Many ancient religions feature mystical gardens in their writings. The gardens seem to fulfil both spiritual and physical yearnings. Was Plan A not something about creating paradise here on earth? (I know there was a flooding issue at one stage . . . see Féidhlim Harty’s article in this issue of HC for flood prevention solutions.)

Are all gardeners not subconsciously trying to recreate our own Edens, albeit on far smaller scales, in suburbia? From Babylon’s hanging gardens to Islam’s oases, from mythical Grecian Elysian Fields and medieval monastery cloisters to contemporary flower shows like Chelsea, gardens continue to evolve and intrigue, according to the needs and desires of each age of humanity.

Gardens represent, ever since that unfortunate incident with the snake, man’s dominion over nature. They are microcosms of the natural world. Humanity’s instinct has always been to manipulate the landscape. Tim Ingram, writing on the UK website, ‘Thinkingardens’, says a garden is part of the environment, a synthetic but hopefully functional ecosystem. And Michael Pollan, in his book, Second Nature: A Gardener’s Education, suggests that the garden “might be a place where we can meet nature halfway.”

I like that idea of meeting nature halfway. Could we not also apply it to the ubiquitous lawn? I was amused to find that the word ‘lawn’ comes from the Celtic word, laune (Middle Irish lann, land), which described a communal grass enclosure for grazing livestock. It’s akin to the old French, launde, meaning wooded district or heath – that open space between woods.

A middle class affectation. A cultural juggernaut. And, dare I say it, a male obsession

 

 

 

On the island now known as Britain, such expanses were eventually owned by the medieval aristocracy, who rented them out to their tenants to graze. Not the tenants to graze per se, more for their livestock.

THE MAIN STAGE

According to author Dr DG Hessayon in The Lawn Expert, it was inside aristocrats’ moats, baileys and castles that the English lawn truly began. There was usually an area of grass on which knights and their ladies could walk and sit, well away from the smells and vermin of indoor living.

Whilst gardening may be largely a solo pursuit, gardens have always been social spaces, with lawns, when they developed, becoming the main stage. There were turf-topped seats and even rectangular ‘greens’ on which games such as bowls and pall-mall were played.

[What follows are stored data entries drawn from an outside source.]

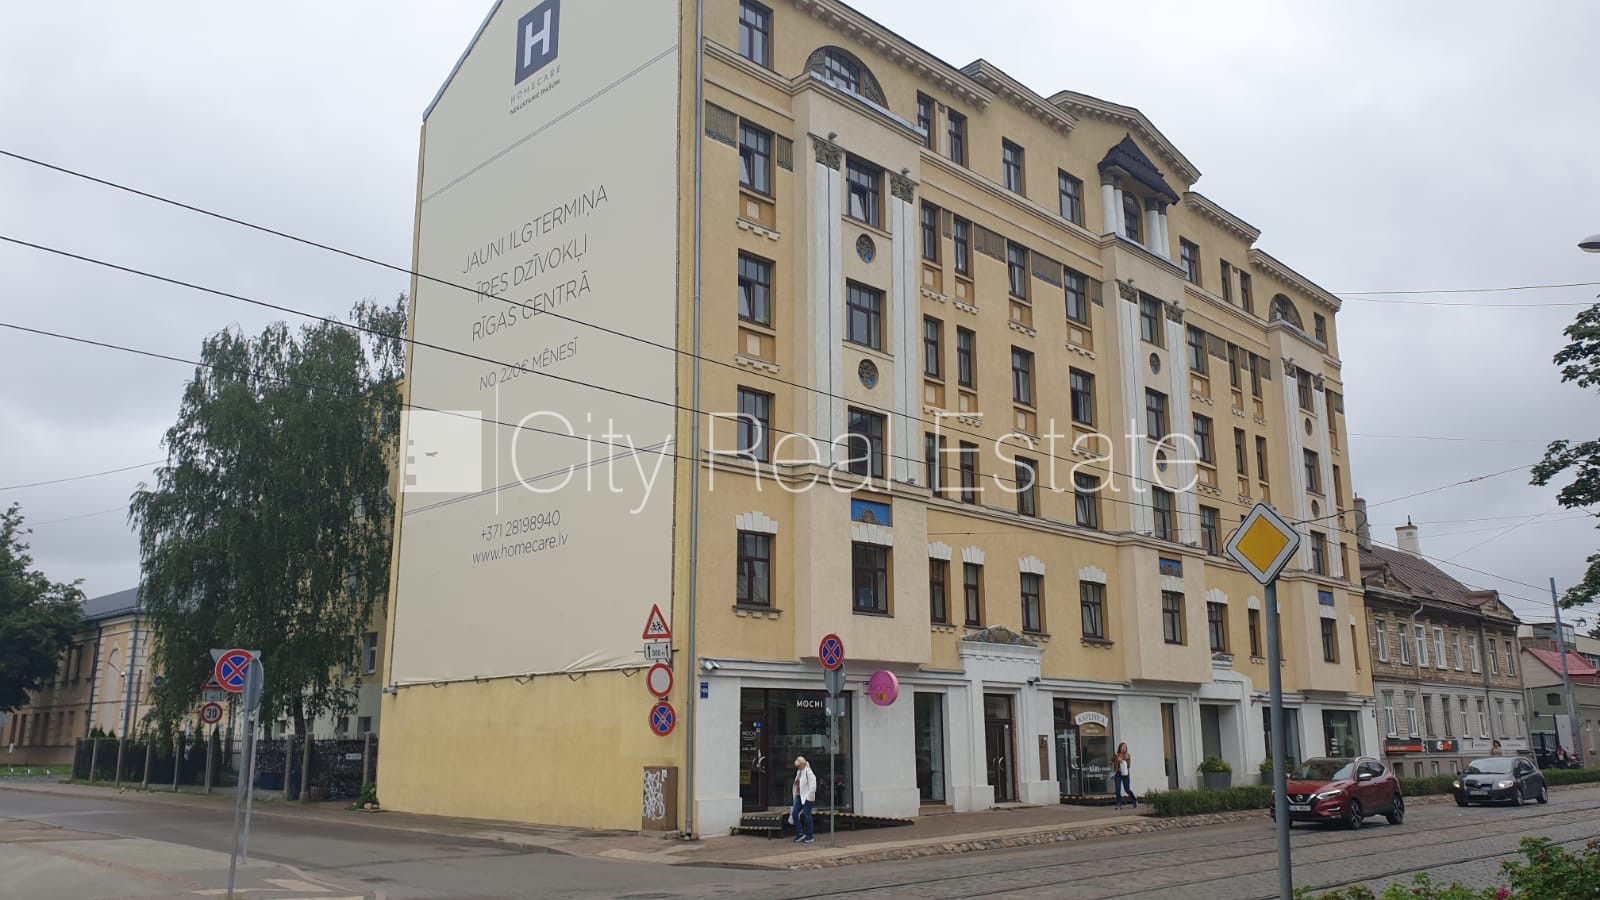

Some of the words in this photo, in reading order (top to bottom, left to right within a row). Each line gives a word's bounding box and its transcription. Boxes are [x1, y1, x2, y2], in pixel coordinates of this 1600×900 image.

[523, 8, 552, 68] H
[510, 64, 561, 104] HOMECARE
[462, 237, 504, 274] JAUNI
[510, 184, 608, 251] ILGTERMIŅA
[476, 272, 509, 304] ĪRES
[513, 233, 587, 286] DZĪVOKĻI
[472, 306, 517, 342] RĪGAS
[522, 270, 591, 319] CENTRĀ
[479, 371, 497, 391] NO
[500, 359, 529, 383] 220€
[532, 336, 579, 369] MĒNESĪ
[472, 531, 569, 564] www.homecare.lv
[481, 523, 503, 541] +371
[505, 509, 561, 537] 28198940
[206, 708, 218, 719] 30
[796, 699, 823, 708] MOCHI

Later this lawn area was extended, to cover large open spaces for wealthy landowners around their castles or manor houses. This was to deprive potential attackers of the cover of forests. Thus the original purpose of the sweeping lawn was to be a safeguard against surprise attack.

Famously, one day in 1588, Sir Francis Drake (scoundrel that he was), delayed his attack on the Spanish Armada in order to complete his bowling game on a chamomile lawn. Because of terrible weather and Drake’s clever tactics, the invading fleet fled, and Elizabethan and later Tudor palaces continued to be adorned with grassy mounds, designed to display their owners’ wealth.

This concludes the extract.